506 sayılı Kanunun Geçici 20. maddesinin (b) bendi “Bu personelin, iş kazalarıyla meslek hastalıkları, hastalık, analık, malullük, yaşlılık ve ölüm, eşlerinin analık, eş ve çocuklarının hastalık hallerinde, en az bu kanunda belirtilen yardımları sağlayacak,” hükmünü içermekte olup davalı vakıf, mensupları yönünden zorunlu sosyal güvenlik kurumu niteliğindedir. Geçici 20. madde, 506 sayılı Yasanın tüm sistemi içinde değerlendirildiğinde görüleceği üzere, bu madde de sayılan sandıklar bağlı bulundukları kuruluşların personeli hakkında yasal düzenleme alanı içinde Sosyal Sigortalar Kurumu’nun yüklendiği görevleri, sağladığı hakları o düzeyin altına düşmemek üzere yüklenmiş sandıklar olup, görevleri ve en az yükümlülükleri yasa ile belirlenmiştir.

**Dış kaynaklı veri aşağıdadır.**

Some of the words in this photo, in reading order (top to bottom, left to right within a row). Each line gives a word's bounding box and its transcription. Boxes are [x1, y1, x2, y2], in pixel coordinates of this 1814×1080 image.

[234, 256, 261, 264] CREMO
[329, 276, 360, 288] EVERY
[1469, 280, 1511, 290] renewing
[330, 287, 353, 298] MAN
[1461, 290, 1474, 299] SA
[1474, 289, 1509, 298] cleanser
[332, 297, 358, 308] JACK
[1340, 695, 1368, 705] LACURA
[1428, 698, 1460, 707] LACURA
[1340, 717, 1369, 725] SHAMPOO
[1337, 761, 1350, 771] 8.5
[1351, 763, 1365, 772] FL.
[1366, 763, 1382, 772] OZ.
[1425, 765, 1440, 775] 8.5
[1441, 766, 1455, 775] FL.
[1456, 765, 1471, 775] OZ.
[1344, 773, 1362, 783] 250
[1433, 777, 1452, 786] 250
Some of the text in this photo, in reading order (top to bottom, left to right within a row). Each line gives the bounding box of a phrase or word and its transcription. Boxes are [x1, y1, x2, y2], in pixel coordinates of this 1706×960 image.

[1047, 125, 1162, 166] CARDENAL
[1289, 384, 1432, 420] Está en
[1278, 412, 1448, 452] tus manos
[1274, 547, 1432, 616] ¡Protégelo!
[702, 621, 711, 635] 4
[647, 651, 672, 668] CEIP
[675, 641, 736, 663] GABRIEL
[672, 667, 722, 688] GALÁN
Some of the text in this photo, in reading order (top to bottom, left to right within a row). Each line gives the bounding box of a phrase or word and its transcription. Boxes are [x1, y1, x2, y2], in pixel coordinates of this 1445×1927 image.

506 sayılı Kanunun Geçici 20. maddesi kapsamında olan davalı vakıftan yaşlılık aylığı alan davacı; 6283 sayılı Kanunun 5. maddesi ile 5510 sayılı Kanuna eklenen geçici 39. maddesinde yer alan hükmün yaşlılık aylığına uygulanarak aylığının yeniden hesaplanması ile eksik ödenen aylıkların tahsilini talep etmiş olup, 5510 sayılı Kanunda yer alan kuralın uygulanması isteminden kaynaklanan uyuşmazlığın esasına girilerek, yapılacak incelemeyle sonuca varılması gereği gözetilmeksizin yazılı şekilde dava dilekçesinin görev yönünden reddine karar verilmiş olması, usul ve yasaya aykırı olup, bozma nedenidir.
O halde, davacılar vekilinin bu yönleri amaçlayan temyiz itirazları kabul edilmeli ve hüküm bozulmalıdır.
SONUÇ:Temyiz edilen hükmün yukarıda açıklanan nedenlerle BOZULMASINA, temyiz harcının istem halinde davacılara iadesine, 09.09.2014 gününde oybirliğiyle karar verildi.